2.Interposto recurso desta decisão para o Tribunal Constitucional, foi decido por este Alto Tribunal, em processo de fiscalização concreta, conceder provimento ao referido recurso, não julgando inconstitucionais as normas cuja aplicação foi recusada pela decisão então recorrida (cfr. Acórdão de fls. 36). O Acórdão, no que toca à fundamentação, remeteu para os Acórdãos do Tribunal Constitucional n.º 760/95 e 761/95, ambos de 20.12.95 (publicados no D.R., II.' série, n.' 28 de 02.02.96), e n.o 118/96.
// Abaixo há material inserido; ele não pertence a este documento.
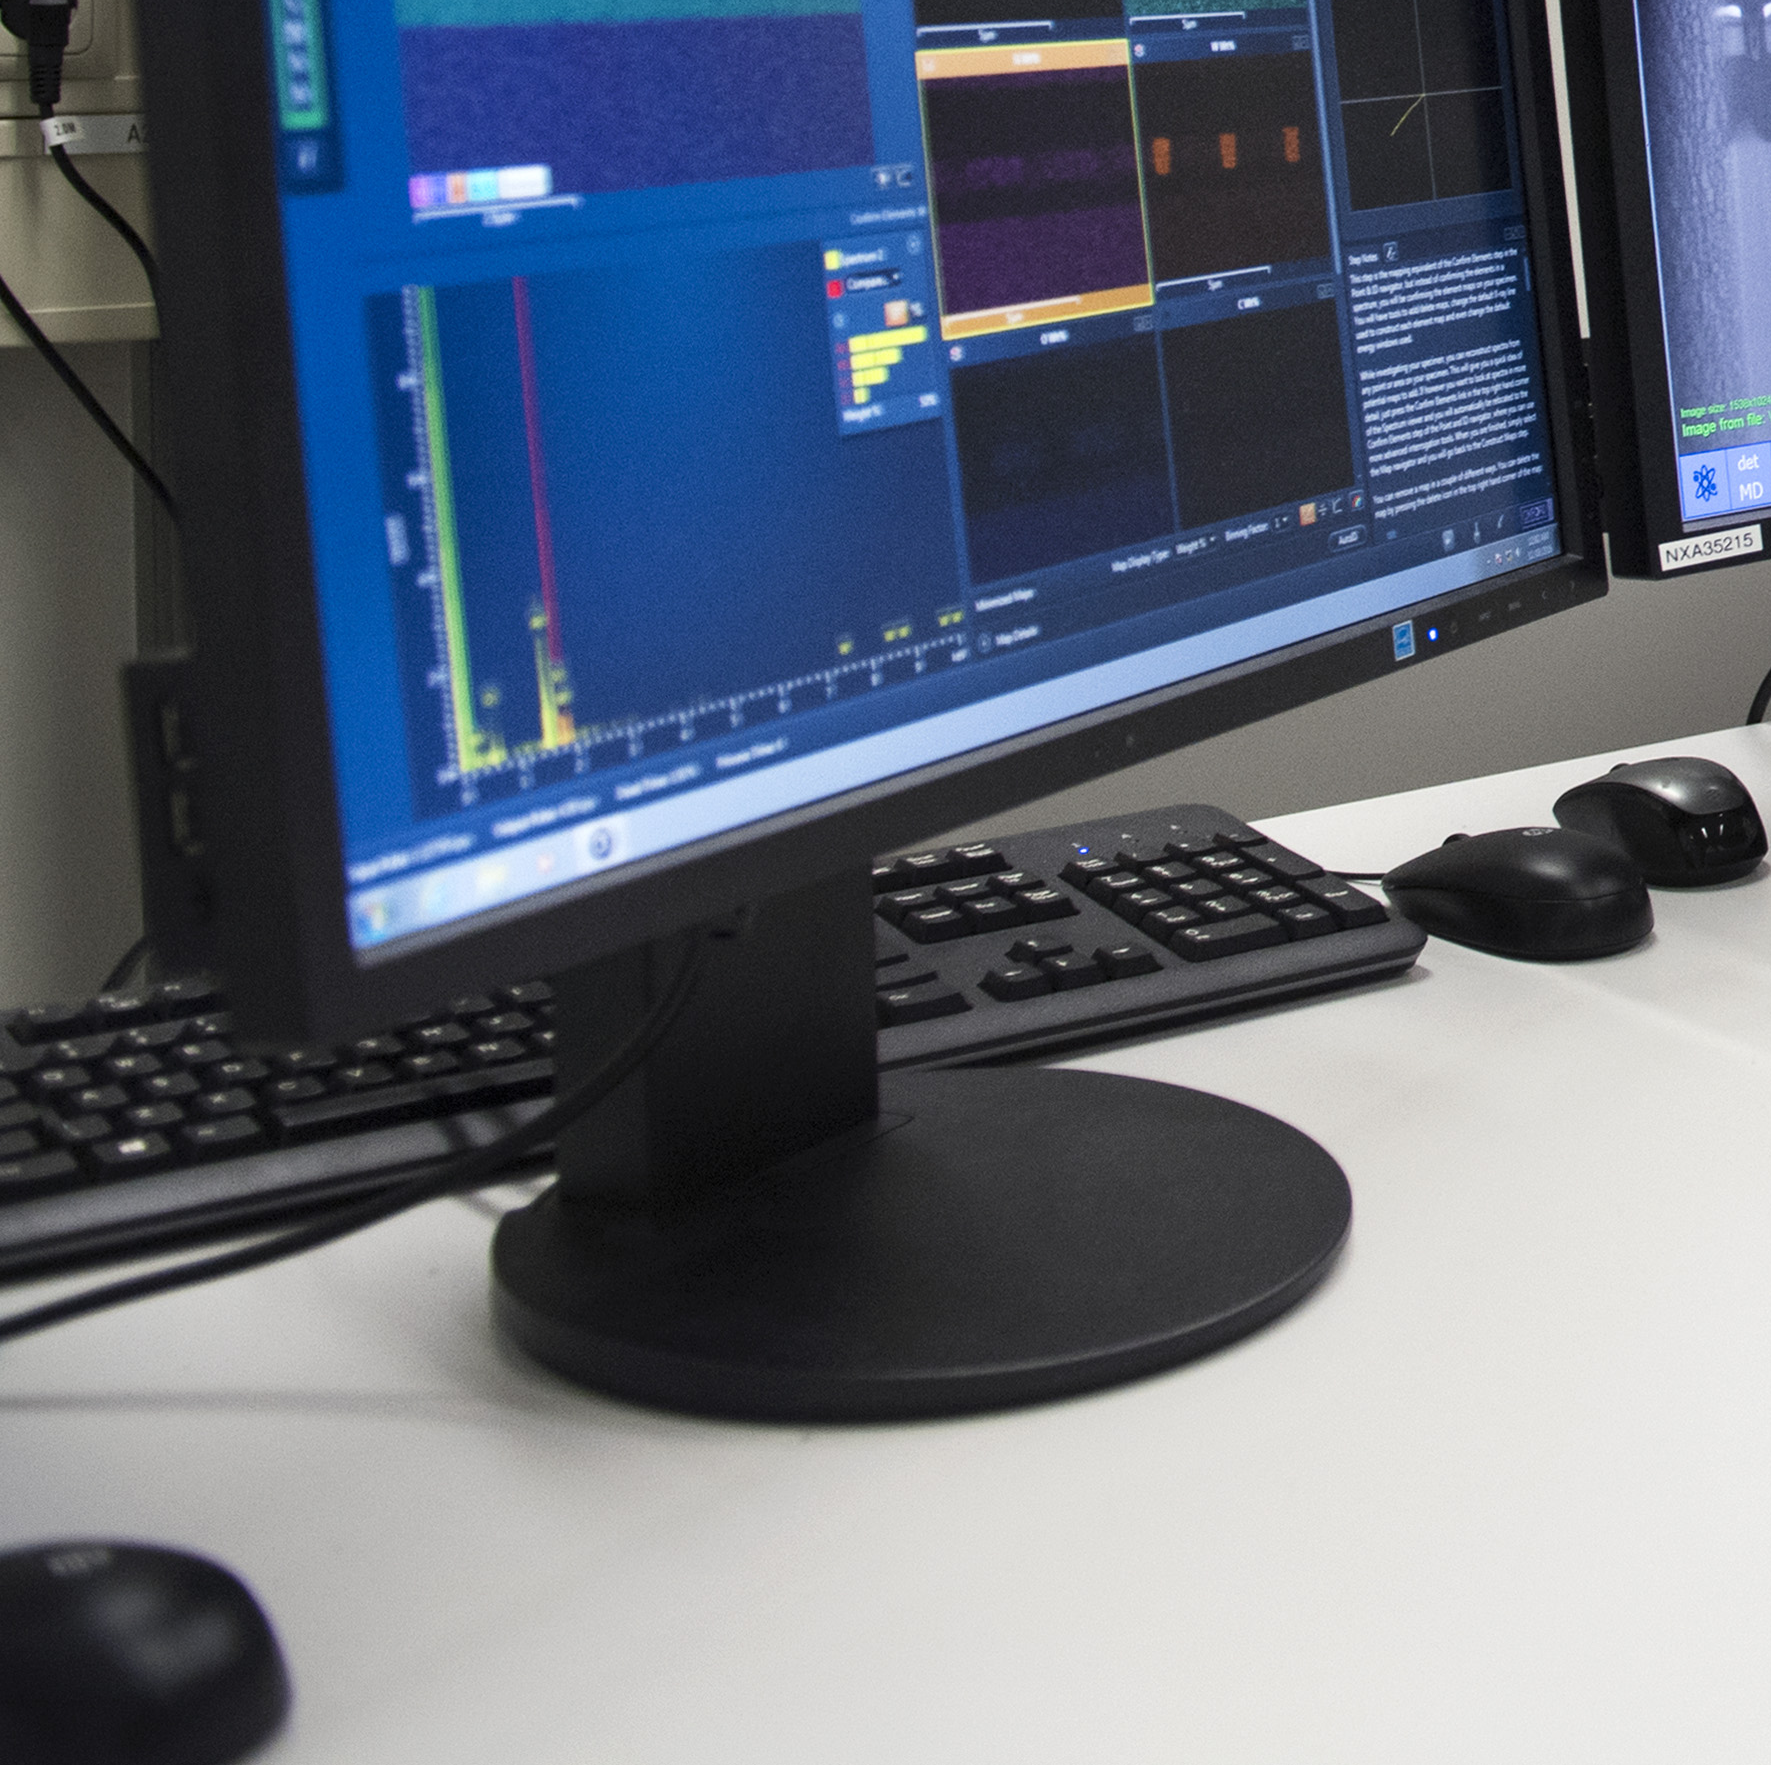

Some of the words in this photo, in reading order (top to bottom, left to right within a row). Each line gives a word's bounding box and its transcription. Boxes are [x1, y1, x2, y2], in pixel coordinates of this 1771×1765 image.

[1680, 406, 1706, 418] Image
[1682, 423, 1717, 438] Image
[1719, 417, 1744, 430] from
[1747, 413, 1766, 427] file:
[1738, 454, 1760, 472] det
[1740, 481, 1764, 502] MD
[1665, 532, 1754, 563] NXA35215
3.Regressado o processo à 1ª instância, o Meritíssimo Juiz, novamente em despacho saneador, voltou a julgar procedentes os embargos com fundamento na falta de alegação, por parte do embargado (e ora reclamado), dos factos constitutivos do seu direito. Segundo a doutrina deste despacho saneador, a alegação, em embargos de executado, pela embargante, da inexistência de uma obrigação de indemnizar a seu cargo, veio lançar o ónus da prova da verificação desses pressupostos sobre o exequente, face ao disposto no art.º 342.º n.oº1 do Código Civil.
4.Interposto recurso de apelação para o Tribunal da Relação de Évora, este Venerando Tribunal veio a decidir pela procedência do recurso e consequente revogação do saneador sentença apelado. O fundamento que sustenta esta decisão é o de que os citados artºs 2.o n.o 2 alínea a) e 4.' do DL 194/92, ao atribuírem força executiva às certidões de dívidas hospitalares, fazem consequentemente recaír sobre o embargante/executado, em sede de embargos, o ónus de alegar e provar os factos que o exoneram da responsabilidade de pagamento dessas dívidas.
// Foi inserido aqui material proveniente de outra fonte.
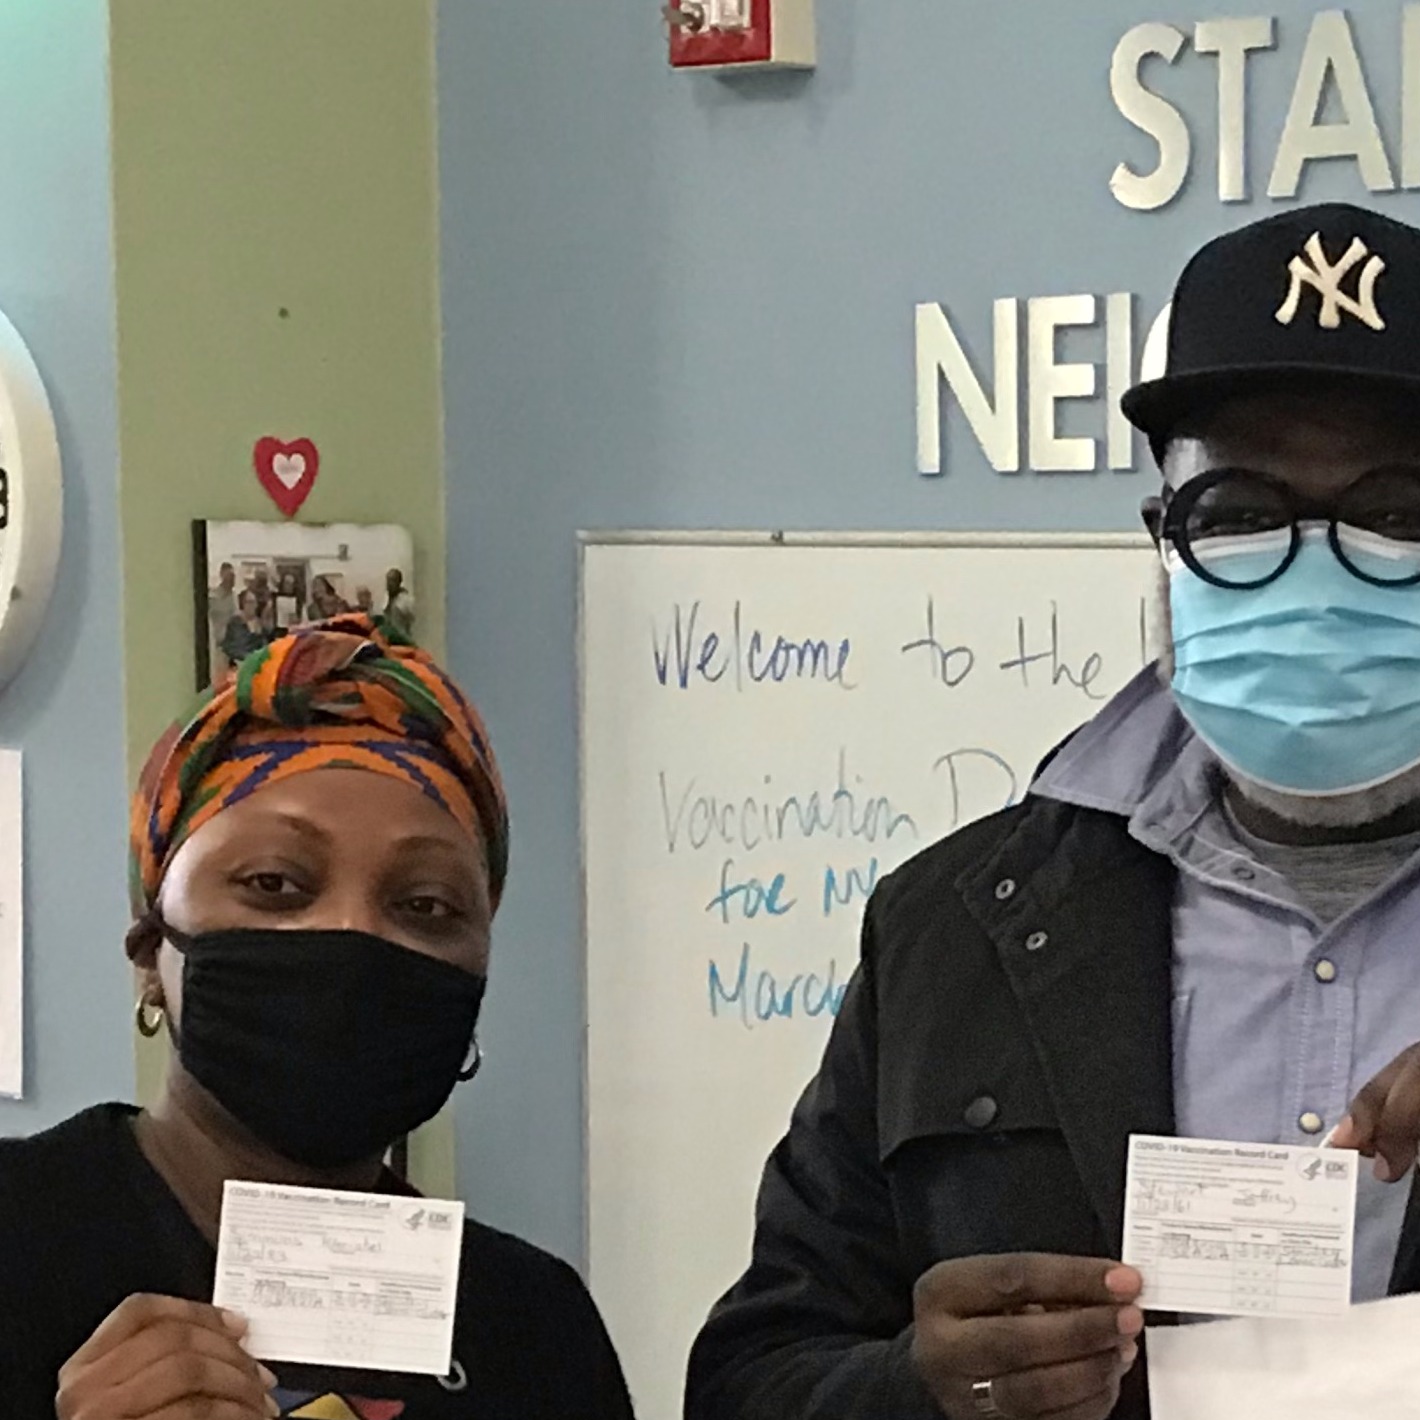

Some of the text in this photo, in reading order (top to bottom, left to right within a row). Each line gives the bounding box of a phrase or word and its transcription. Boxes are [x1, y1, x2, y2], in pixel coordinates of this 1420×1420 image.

[1274, 230, 1387, 331] NY
[652, 600, 858, 692] Welcome
[902, 594, 975, 687] to
[999, 599, 1108, 699] the
[658, 746, 920, 853] Vaccination
[1181, 1145, 1233, 1156] Vaccination
[1234, 1147, 1266, 1159] Record
[1268, 1150, 1290, 1161] Card
5. Inconformada com este aresto, e subscrevendo um entendimento que ganha força nos nossos tribunais superiores (cfr. Acórdão da Relação do Porto de 10.IO.95, CJ, 1995, IV, págs. 215 e segs. e Acórdão da Relação de Lisboa, de 02.05.96, CJ,
1996, III, págs. 82 e segs.), veio a ora reclamante dele interpor recurso para o Tribunal Constitucional, alegando que, com a interpretação que deles se fez no referido acórdão, os artºs 2.º n.º2 alínea a) e 4.º do DL 194/92, então sim, violariam claramente, quer o art.º 205.º, quer o artº 2º da C. R. P.
6. O Tribunal a quo indeferiu o respectivo requerimento de recurso, sustentando que 'a conformidade constitucional dos artºs 2.º n.º 2 alínea a) e 4º do DL
194/92 de 8 de Setembro já foi definitivamente resolvida nestes autos pelo Acórdão do Tribunal Constitucional de fls. 36'.
7. Carece, porém, de fundamento legal a douta decisão recorrida.
(...)
9. Ora, no entendimento da recorrente, a interpretação, conforme à Constituição, das aludidas normas ordinárias é aquela que (como a recorrente procurará demonstrar em sede própria, i.é. nas alegações de recurso) considera que os referidos preceitos se limitam a conferir às certidões de dívida hospitalar uma força probatória de 'mera aparência' (cfr. Acórdão da Relação do Porto de 10.
10. 95, CJ, 1995, IV, págs. 215 e segs. e Acórdão da Relação de Lisboa, de
02.05.96, CJ, 1996,III, págs. 82 e segs.). E, em termos práticos, essa força probatória de mera aparência, uma vez deduzidos embargos, 'importa que as regras sobre a repartição do ónus da prova funcionem de modo igual a uma acção declarativa.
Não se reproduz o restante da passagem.